#### [GIVEN DATA]
--- START ---

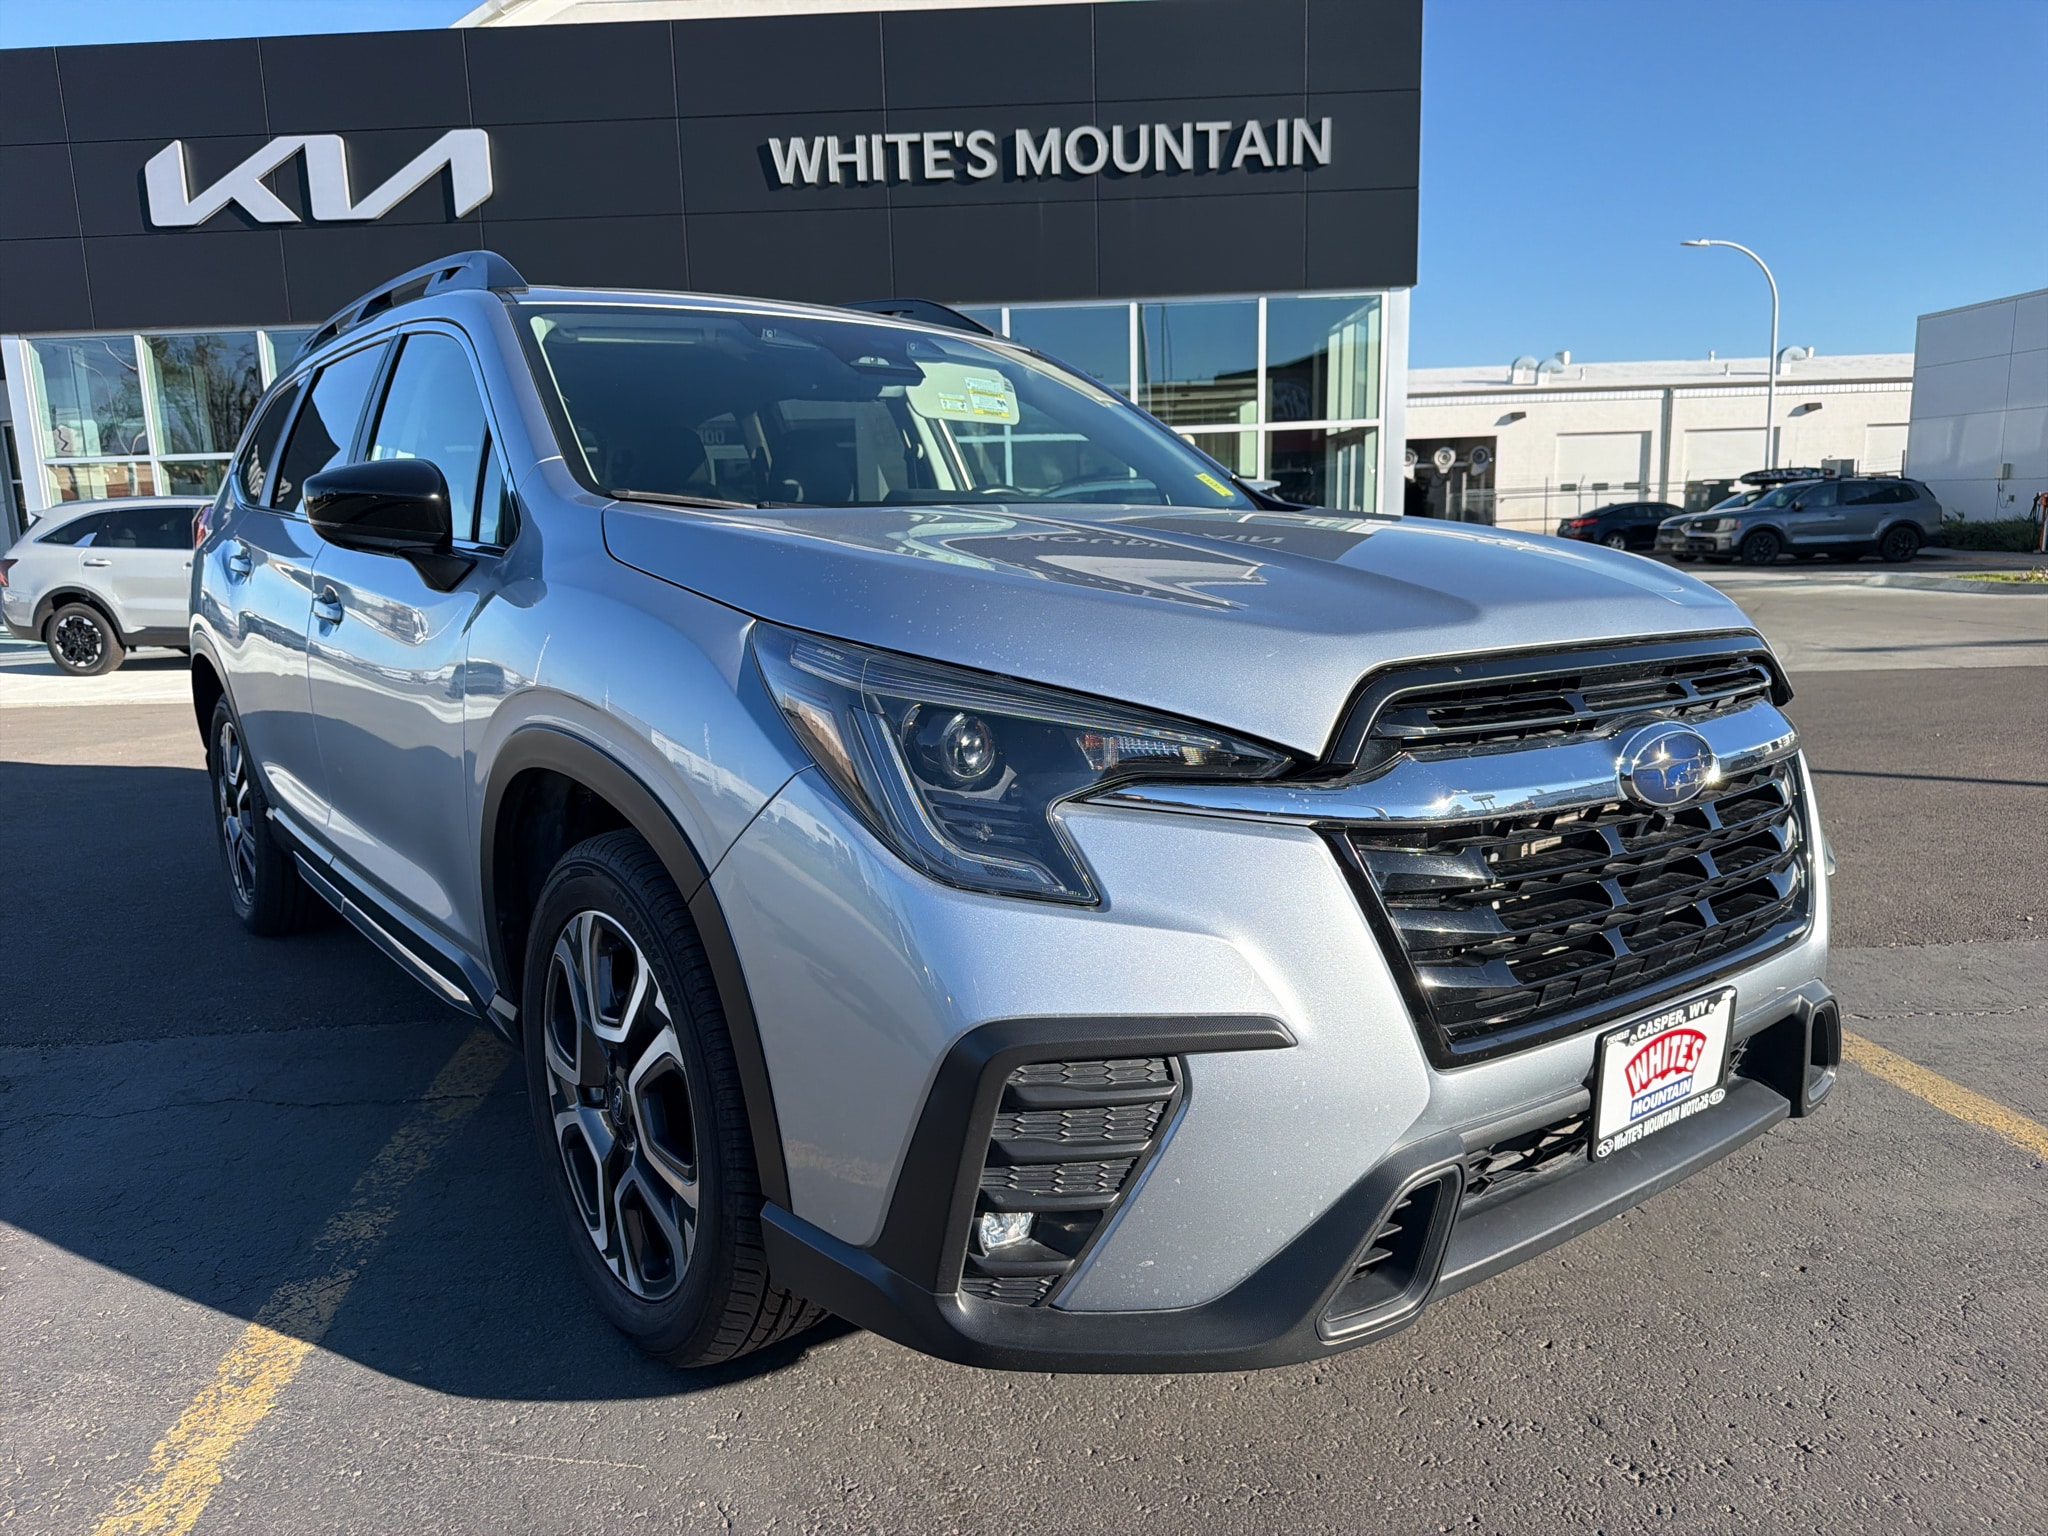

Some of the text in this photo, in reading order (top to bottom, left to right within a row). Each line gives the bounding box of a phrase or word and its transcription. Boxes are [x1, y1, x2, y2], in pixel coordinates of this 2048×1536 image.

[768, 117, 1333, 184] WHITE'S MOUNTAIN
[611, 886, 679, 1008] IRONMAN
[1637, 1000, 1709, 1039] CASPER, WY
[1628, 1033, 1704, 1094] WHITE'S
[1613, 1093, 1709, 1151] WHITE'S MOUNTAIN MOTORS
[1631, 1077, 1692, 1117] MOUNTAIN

--- END ---

#### [EXERCISE DESCRIPTION]
Copy all of the listing word for word, minus the images.

#### [SOLUTION TO THE EXERCISE]
Some of the text in this photo, in reading order (top to bottom, left to right within a row). Each line gives the bounding box of a phrase or word and its transcription. Boxes are [x1, y1, x2, y2], in pixel coordinates of this 2048×1536 image.

[768, 117, 1333, 184] WHITE'S MOUNTAIN
[611, 886, 679, 1008] IRONMAN
[1637, 1000, 1709, 1039] CASPER, WY
[1628, 1033, 1704, 1094] WHITE'S
[1613, 1093, 1709, 1151] WHITE'S MOUNTAIN MOTORS
[1631, 1077, 1692, 1117] MOUNTAIN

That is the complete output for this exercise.